EXCERPTED RECORDS START

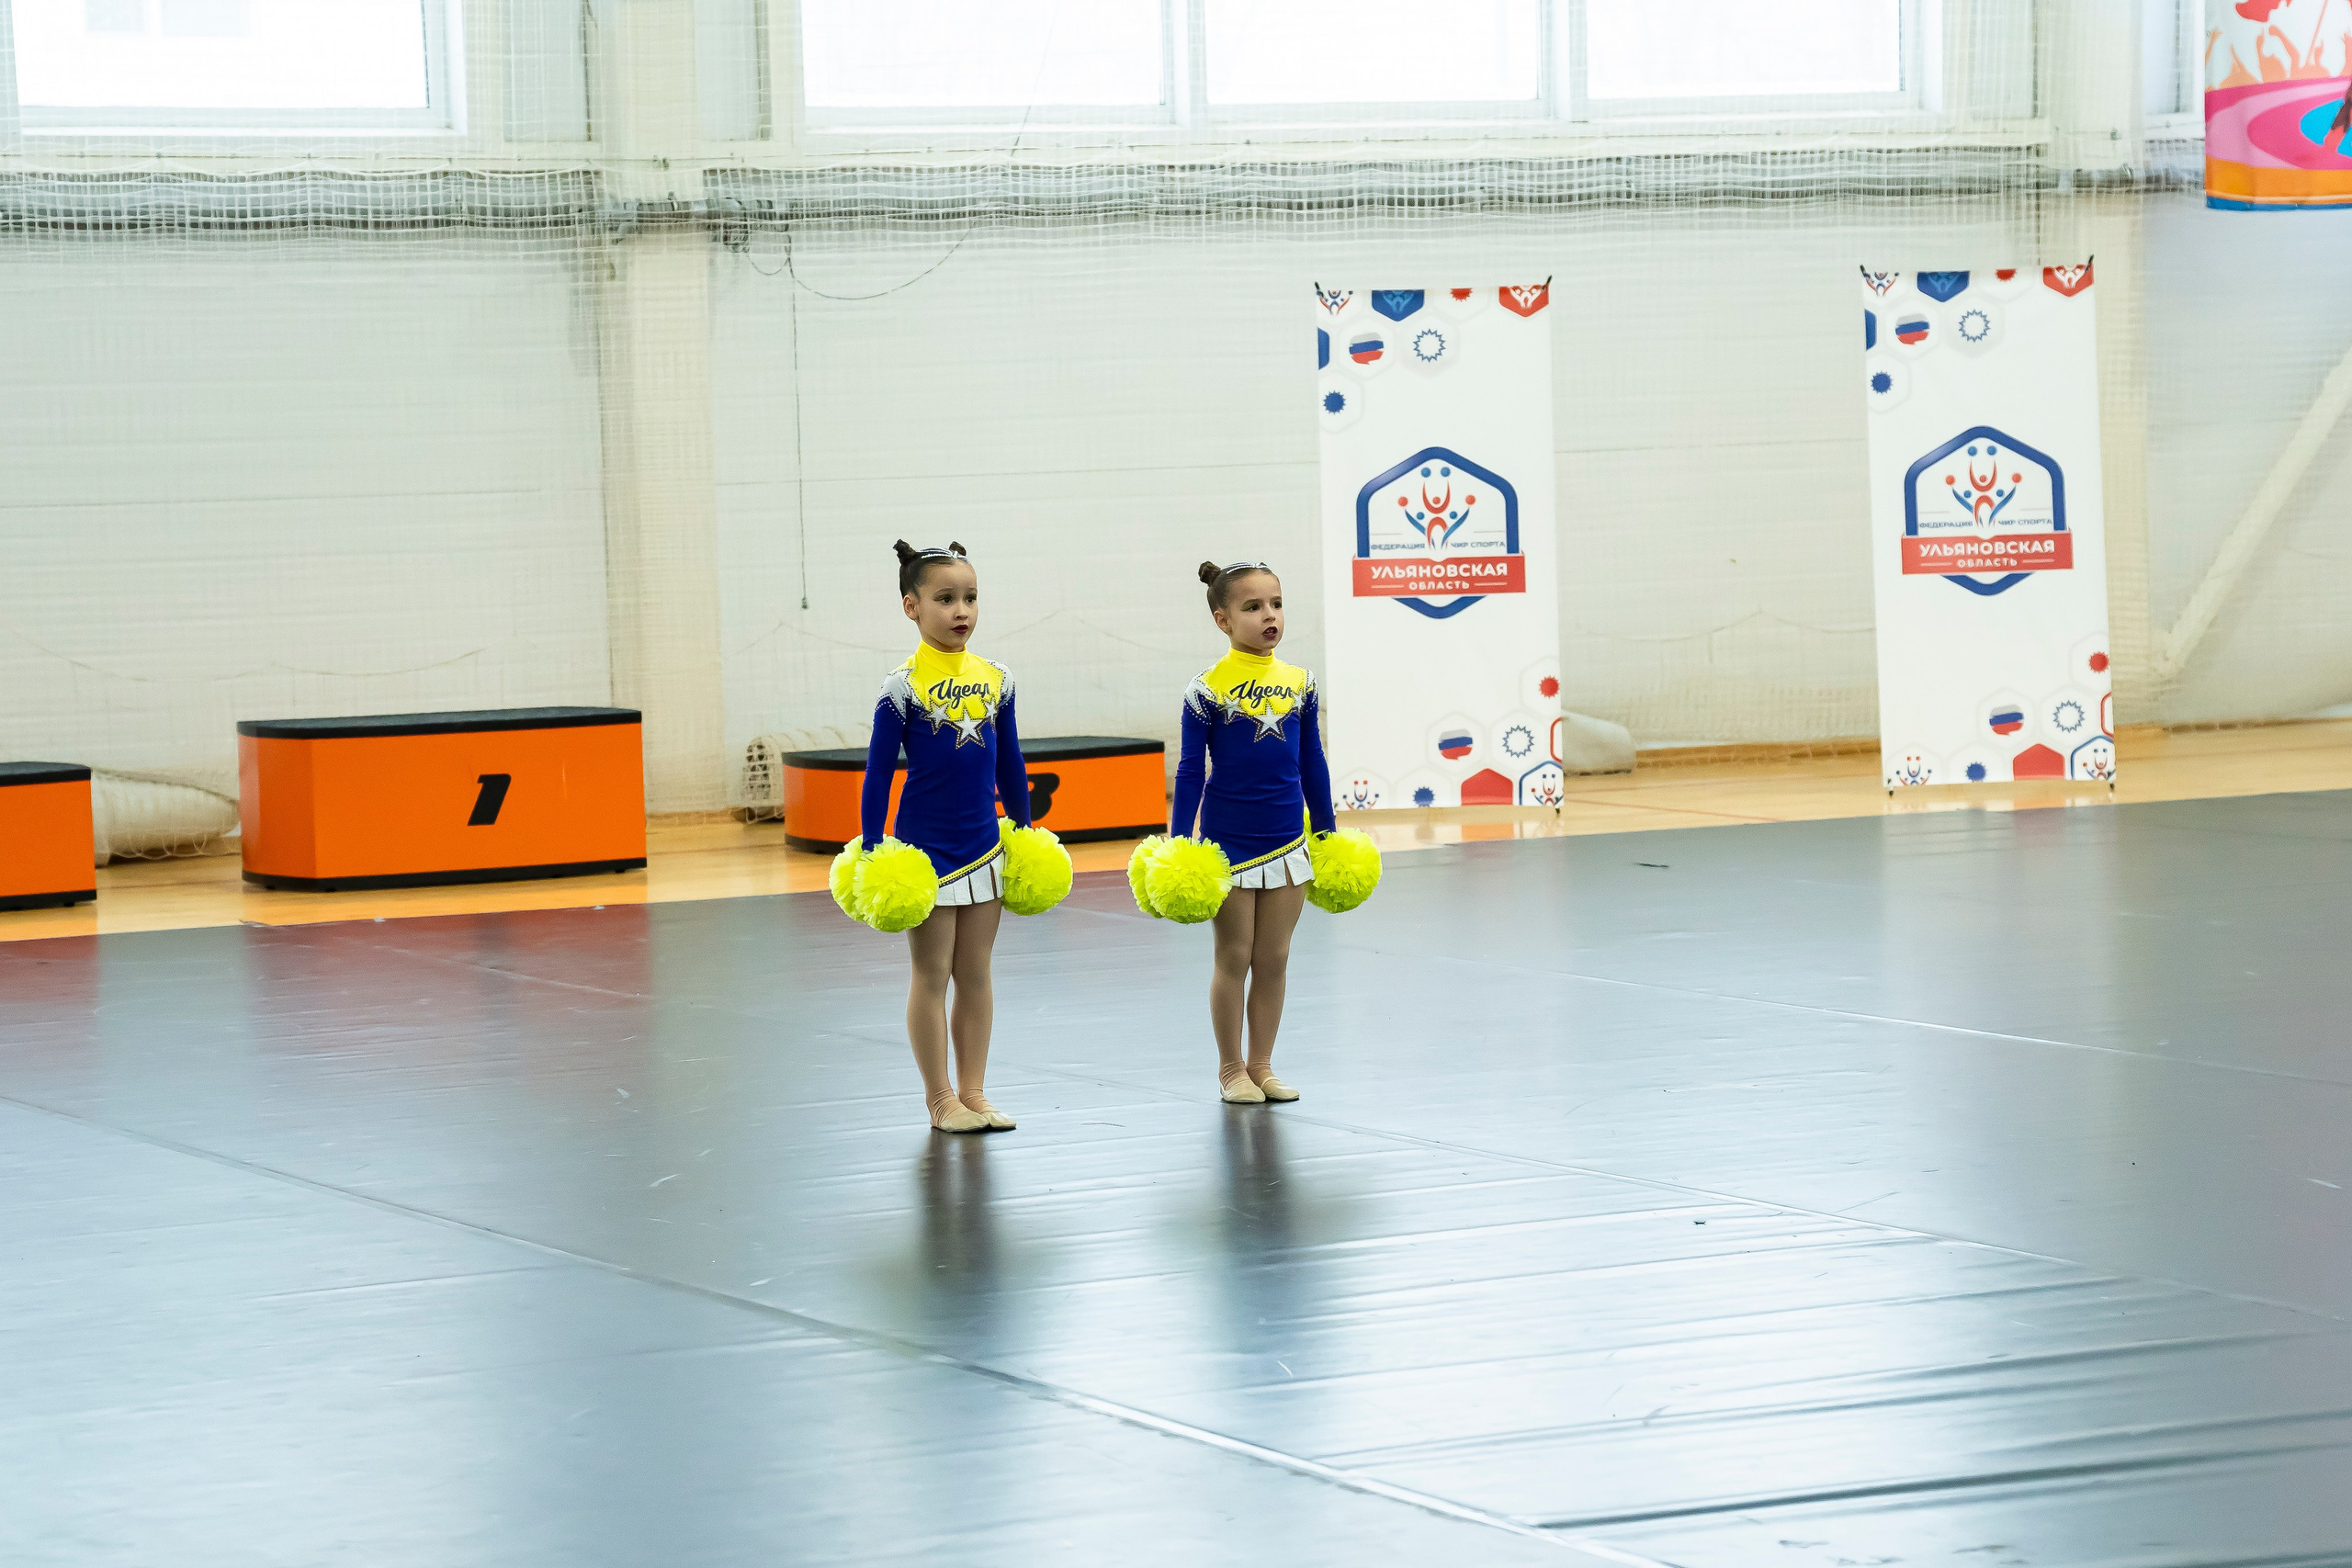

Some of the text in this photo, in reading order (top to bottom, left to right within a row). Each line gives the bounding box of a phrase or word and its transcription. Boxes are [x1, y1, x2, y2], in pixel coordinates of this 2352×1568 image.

[1919, 520, 1973, 529] ФЕДЕРАЦИЯ
[2018, 518, 2053, 526] СПОРТА
[1370, 543, 1425, 551] ФЕДЕРАЦИЯ
[1919, 539, 2055, 558] УЛЬЯНОВСКАЯ
[1956, 558, 2018, 569] ОБЛАСТЬ
[1371, 562, 1508, 580] УЛЬЯНОВСКАЯ
[1408, 581, 1470, 591] ОБЛАСТЬ
[928, 678, 990, 710] Идеал
[467, 773, 512, 827] 1
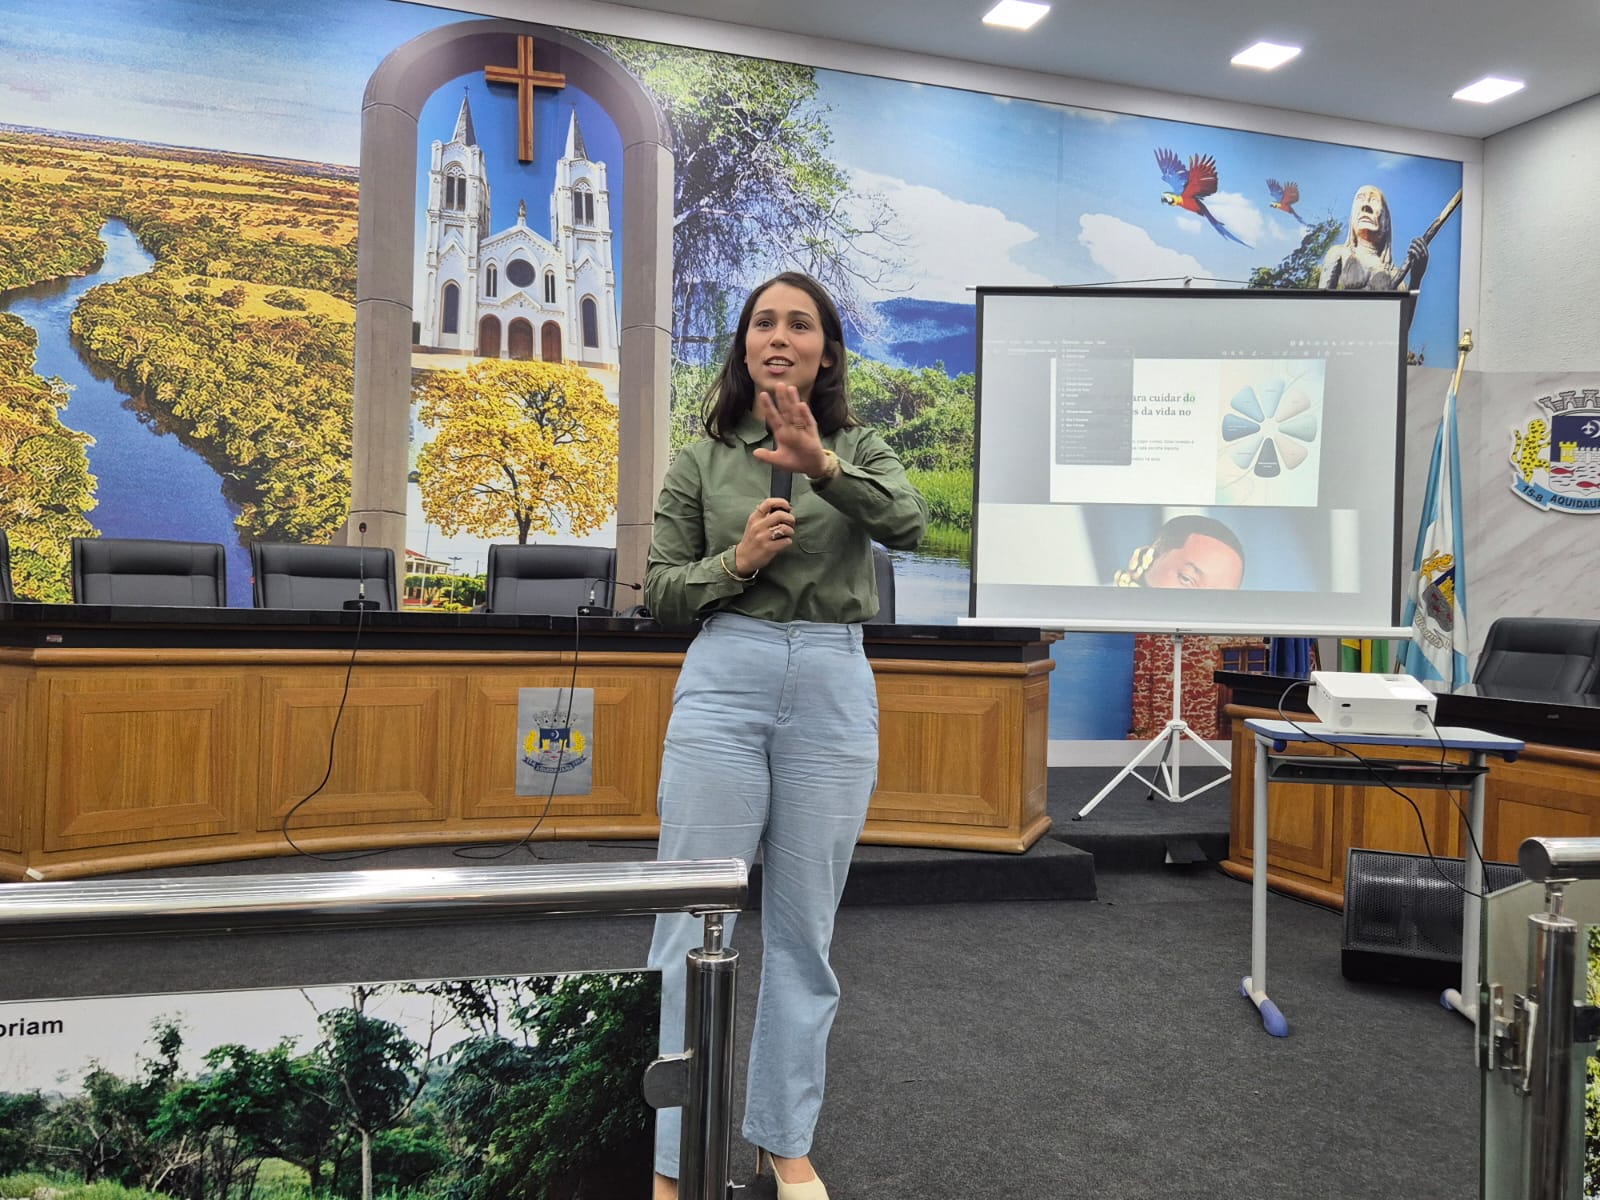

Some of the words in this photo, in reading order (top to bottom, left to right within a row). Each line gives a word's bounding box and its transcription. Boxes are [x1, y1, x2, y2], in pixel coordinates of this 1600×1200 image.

[1149, 393, 1181, 402] cuidar
[1183, 393, 1196, 402] do
[1141, 406, 1153, 416] da
[1155, 406, 1176, 416] vida
[1179, 408, 1191, 416] no
[1522, 485, 1543, 502] 15-8

EXCERPTED RECORDS END

## EXERCISE
The required output is the exact run of lines from the one with "Some of the words" through the final line of the entries.

## SOLUTION
Some of the words in this photo, in reading order (top to bottom, left to right within a row). Each line gives a word's bounding box and its transcription. Boxes are [x1, y1, x2, y2], in pixel coordinates of this 1600×1200 image.

[1149, 393, 1181, 402] cuidar
[1183, 393, 1196, 402] do
[1141, 406, 1153, 416] da
[1155, 406, 1176, 416] vida
[1179, 408, 1191, 416] no
[1522, 485, 1543, 502] 15-8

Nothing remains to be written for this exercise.